'Prince' reporting honored with national awards
The Daily Princetonian’s investigations into the suicide of senior lecturer Antonio Calvo and into the climate facing conservative students on campus have been named among the best college news stories in the country.
Associated Collegiate Press, considered one of the most prominent collegiate journalism organizations nationwide, honored the two articles as part of its 2012 Story of the Year awards. The articles competed against nearly 600 entries from around the country.
The ‘Prince’ investigation into Calvo’s 2011 suspension from the University was awarded honorable mention in the news category of the Story of the Year award. The article, written by Senior Writer Anjali Menon and Staff Writer Marcelo Rochabrun, examined the events and clarified the timeline leading up Calvo’s suicide.
The investigation, the result of interviews with more than 40 friends, family members and colleagues of Calvo, shows the University took unusual steps in its investigation of allegations of misconduct leveled against the lecturer. The article also shows “inconsistencies and gaps” in the University’s explanation of the events leading up to his suicide. The coverage received national media attention.
A ‘Prince’ look at conservative life on campus was named a finalist in the feature category of the Story of the Year award. The story is eligible to win Feature Story of the Year, for which the winner will be announced at the ACP convention in November.
The article, written by News Editor Teddy Schleifer and Senior Writer Regina Wang, showed a common assumption – that conservative students at the University face oppression or discrimination inside and outside the classroom – is inconsistent with the reality on campus.
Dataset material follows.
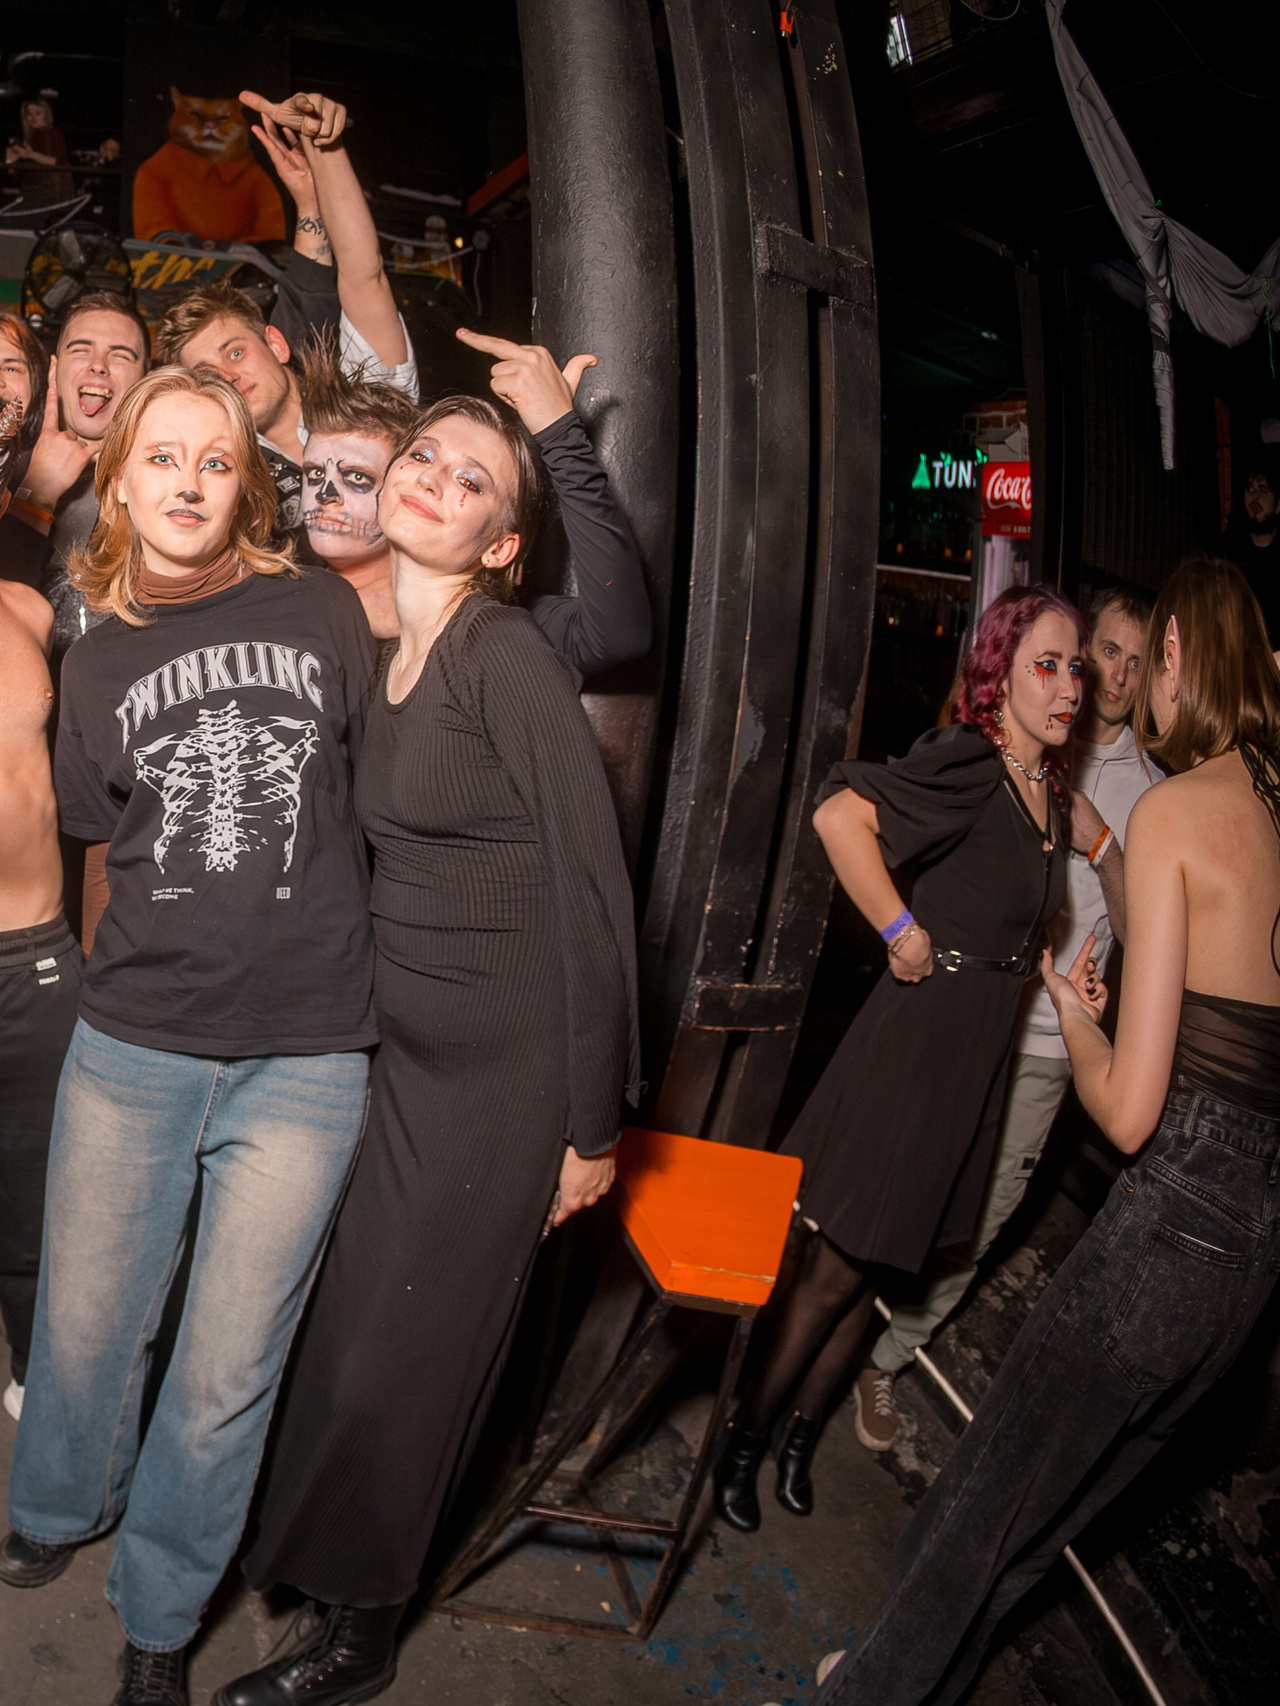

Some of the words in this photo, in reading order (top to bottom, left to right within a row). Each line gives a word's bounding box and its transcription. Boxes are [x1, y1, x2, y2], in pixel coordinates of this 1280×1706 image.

[932, 460, 977, 489] TUN
[986, 468, 1031, 510] Coca-C
[115, 642, 324, 754] TWINKLING
In fact, conservative students and faculty reported “conservative comfort” at what is often referred to as “the conservative Ivy.”
“These awards, and the incredible work of reporters and editors, highlight our commitment to providing our readers with authoritative, unbiased reporting on the most controversial issues facing the campus," ‘Prince’ Editor in Chief Henry Rome said. "Above all, we will continue to remain deeply invested in our journalism and our fundamental role on this campus as a news organization.”